Dataset excerpts

****************

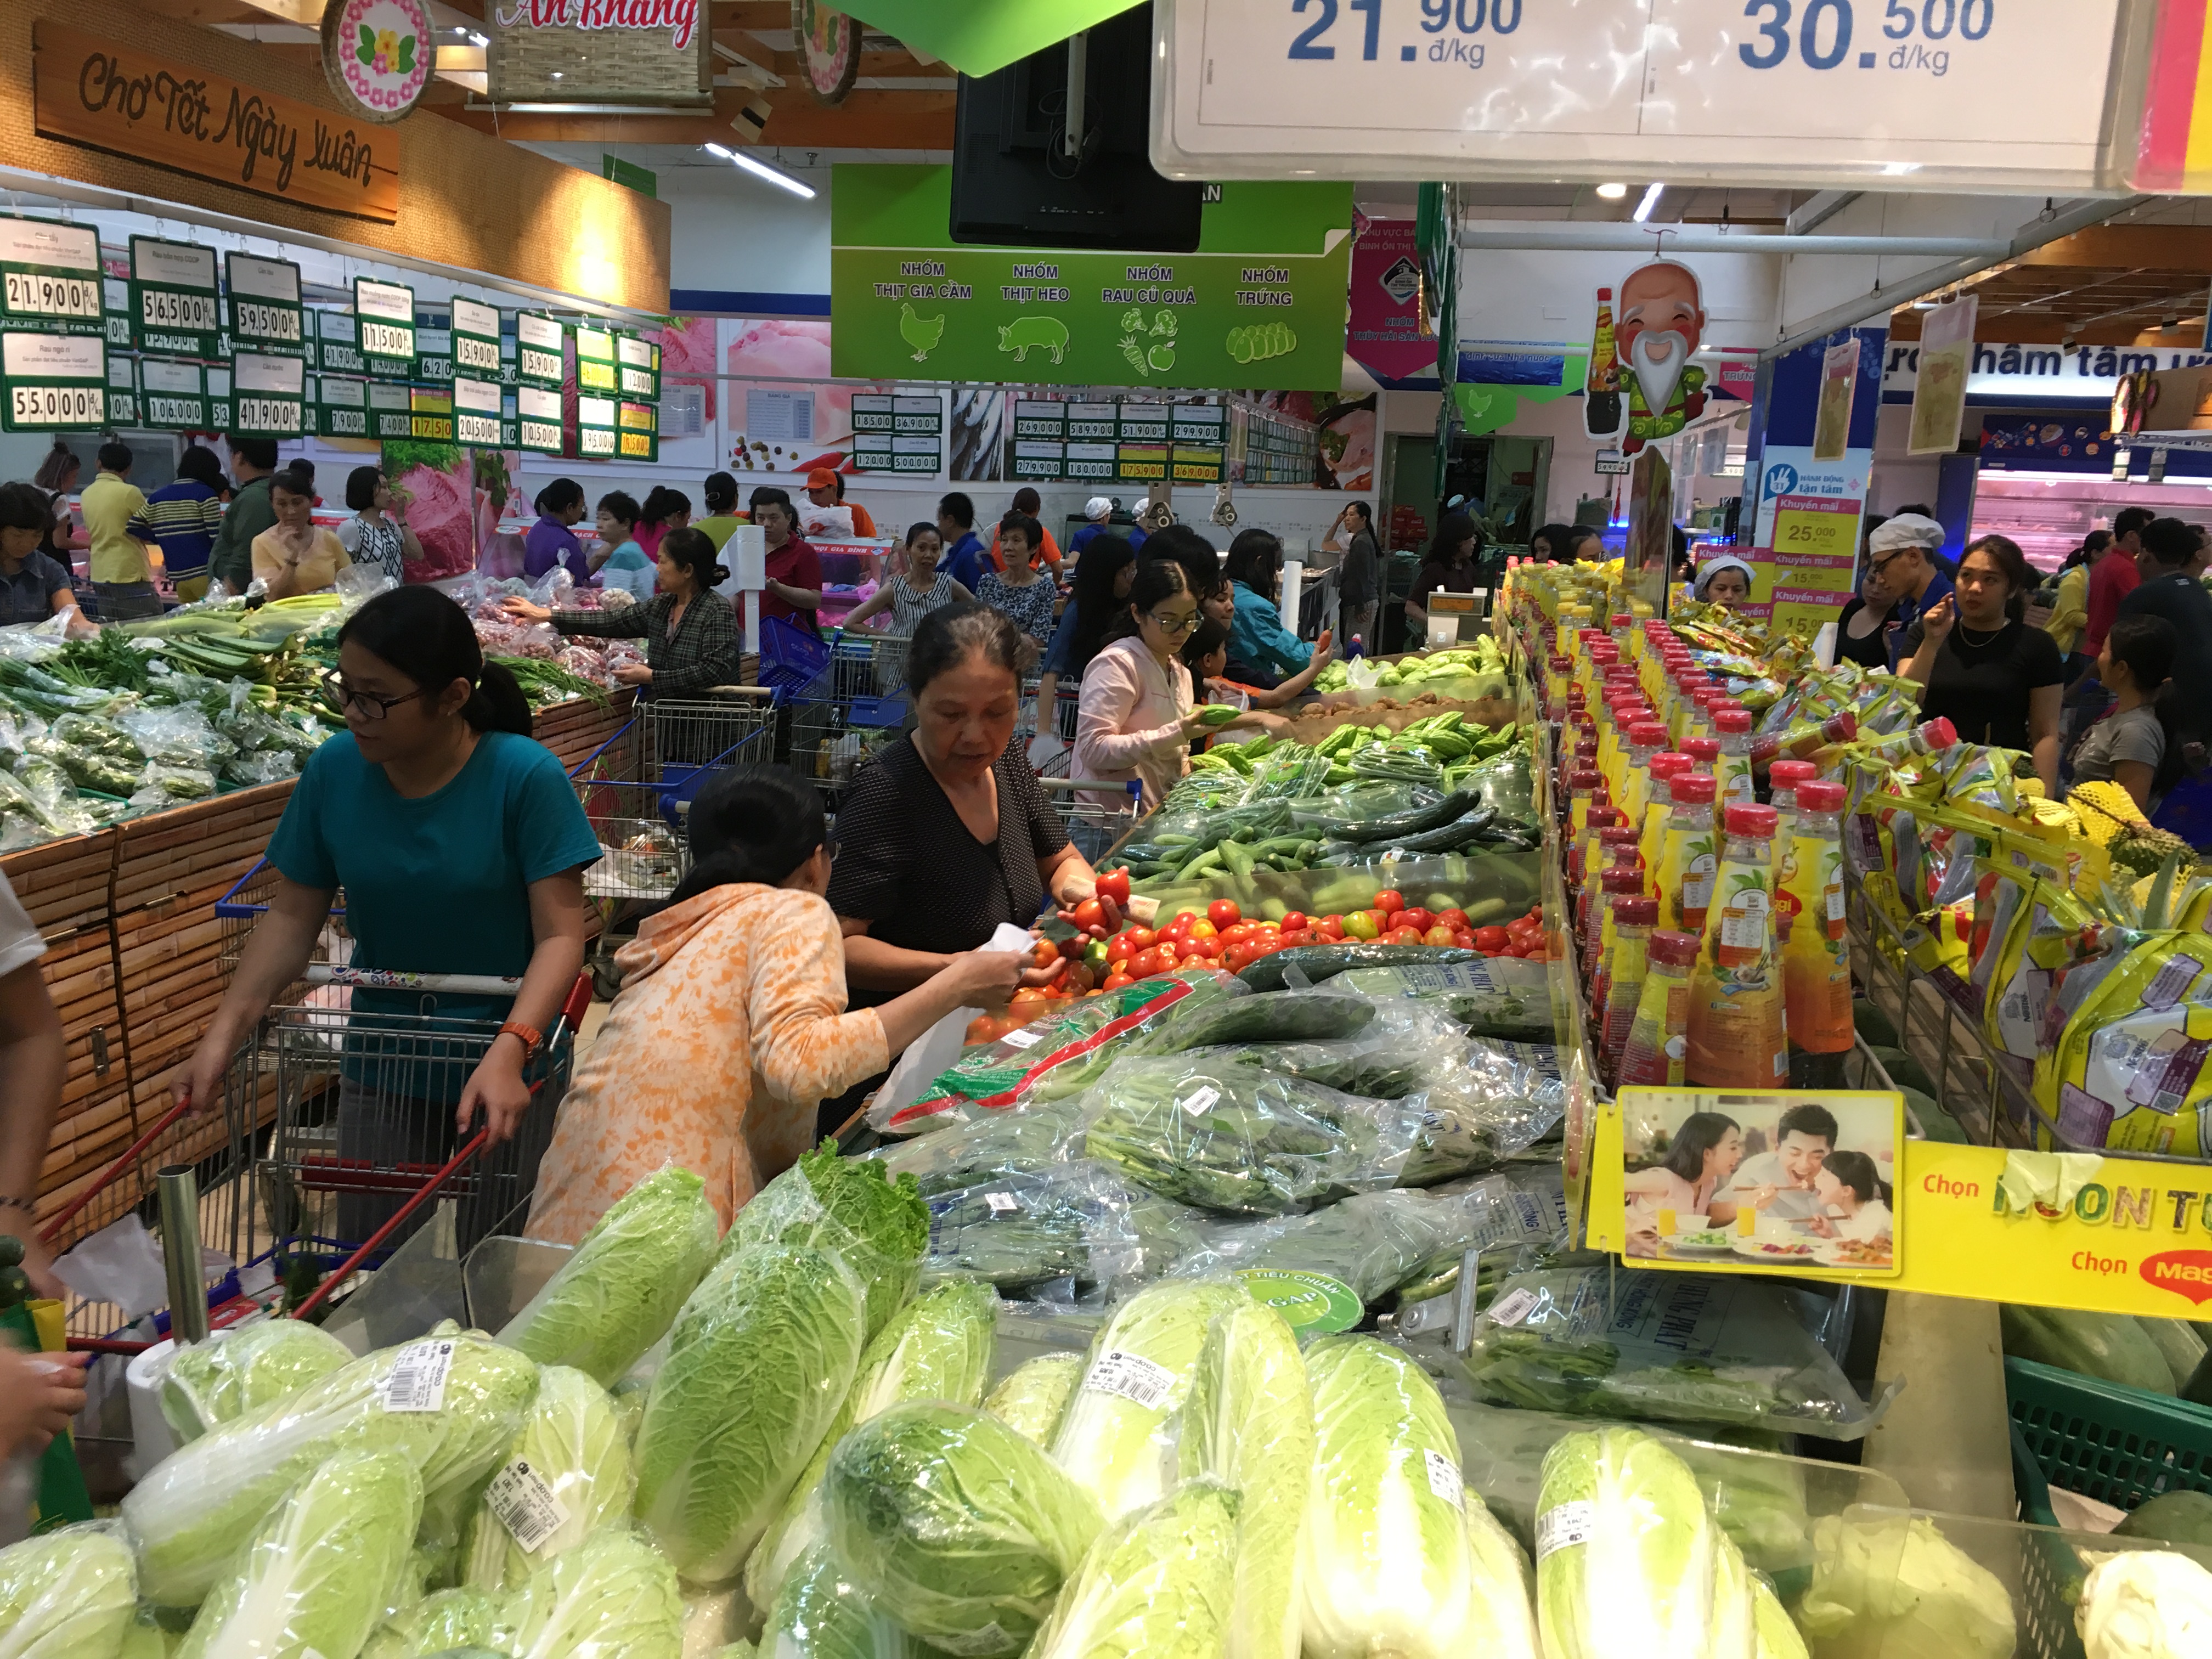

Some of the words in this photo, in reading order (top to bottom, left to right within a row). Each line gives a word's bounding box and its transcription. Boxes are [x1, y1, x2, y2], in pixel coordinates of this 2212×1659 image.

[1428, 38, 1486, 69] đ/kg
[1888, 44, 1950, 77] đ/kg
[80, 53, 151, 129] Chợ
[155, 71, 211, 142] Tết
[213, 87, 297, 191] Ngày
[304, 119, 372, 188] Xuân
[1404, 228, 1416, 236] BÁ
[901, 261, 945, 277] NHÓM
[1013, 263, 1059, 280] NHÓM
[1126, 265, 1173, 282] NHÓM
[1241, 266, 1289, 284] NHÓM
[8, 278, 81, 311] 21.900
[874, 283, 907, 300] THỊT
[909, 283, 936, 298] GIA
[938, 279, 972, 300] CẦM
[1000, 285, 1035, 302] THỊT
[1037, 286, 1070, 302] HEO
[1102, 289, 1135, 303] RAU
[1136, 287, 1159, 304] CỦ
[1161, 286, 1197, 306] QUẢ
[1235, 289, 1293, 307] TRỨNG
[145, 295, 202, 323] 56.500
[240, 306, 288, 330] 59.500
[1385, 316, 1415, 326] NHÓM
[364, 326, 402, 349] 11.500
[459, 341, 491, 364] 15.900
[424, 360, 452, 376] 6.20
[523, 353, 555, 373] 15.900
[16, 391, 86, 415] 55.000
[151, 400, 200, 420] 106.000
[240, 402, 289, 425] 41.900
[332, 413, 358, 427] 7.900
[856, 415, 890, 427] 185.00
[896, 416, 930, 428] 36.900
[415, 420, 451, 435] 17.50
[460, 419, 492, 438] 20.500
[523, 425, 555, 443] 10.500
[1019, 422, 1061, 433] 269.000
[1070, 423, 1113, 435] 589.900
[1122, 425, 1158, 436] 51.900
[1175, 426, 1218, 438] 299.900
[857, 455, 891, 466] 120.00
[895, 456, 937, 469] 500.000
[1018, 461, 1059, 473] 279.900
[1070, 463, 1111, 475] 180.000
[1122, 463, 1164, 476] 175.900
[1174, 465, 1218, 478] 369.000
[1799, 483, 1818, 494] tận
[1821, 484, 1843, 494] tâm
[1780, 497, 1819, 511] Khuyến
[1821, 501, 1839, 511] mãi
[1737, 549, 1754, 560] mãi
[1775, 553, 1814, 566] Khuyến
[1816, 556, 1833, 566] mãi
[1775, 590, 1814, 603] Khuyến
[1815, 593, 1834, 603] mãi
[1923, 1173, 1979, 1199] Chọn
[2072, 1250, 2128, 1276] Chọn
[1254, 1270, 1290, 1278] TIÊU
[1294, 1274, 1341, 1295] CHUẨN
[1267, 1291, 1318, 1308] GAP
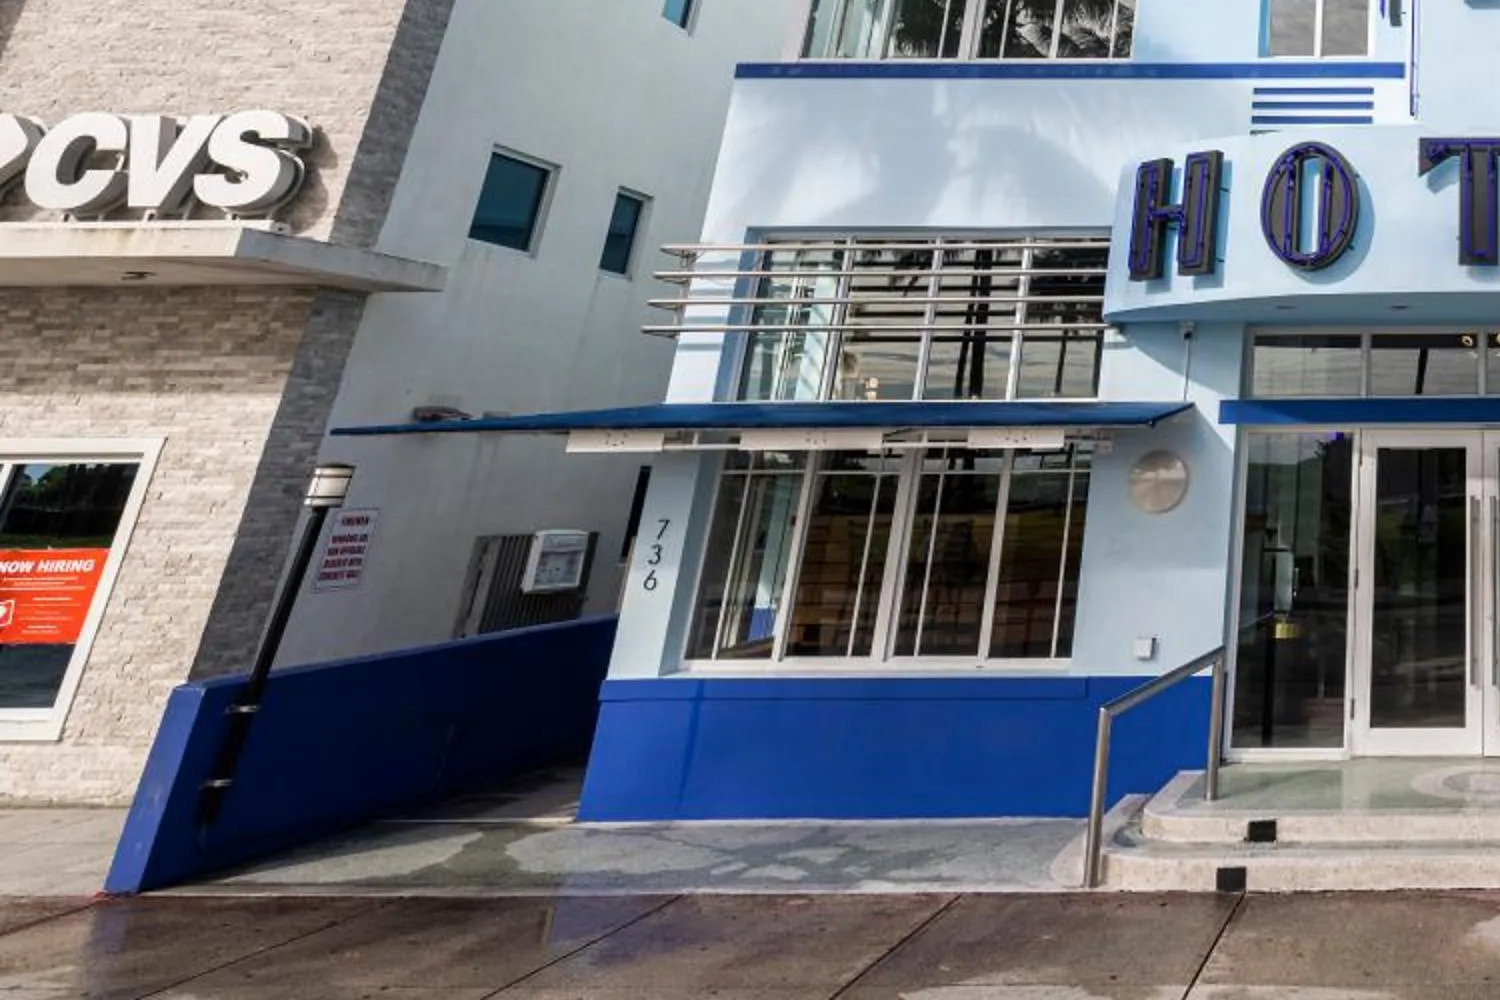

****************

PROBLEM DETAILS: Please copy every line from the entries that includes the word "NHÓM".

ANSWER TO THIS TASK:
[901, 261, 945, 277] NHÓM
[1013, 263, 1059, 280] NHÓM
[1126, 265, 1173, 282] NHÓM
[1241, 266, 1289, 284] NHÓM
[1385, 316, 1415, 326] NHÓM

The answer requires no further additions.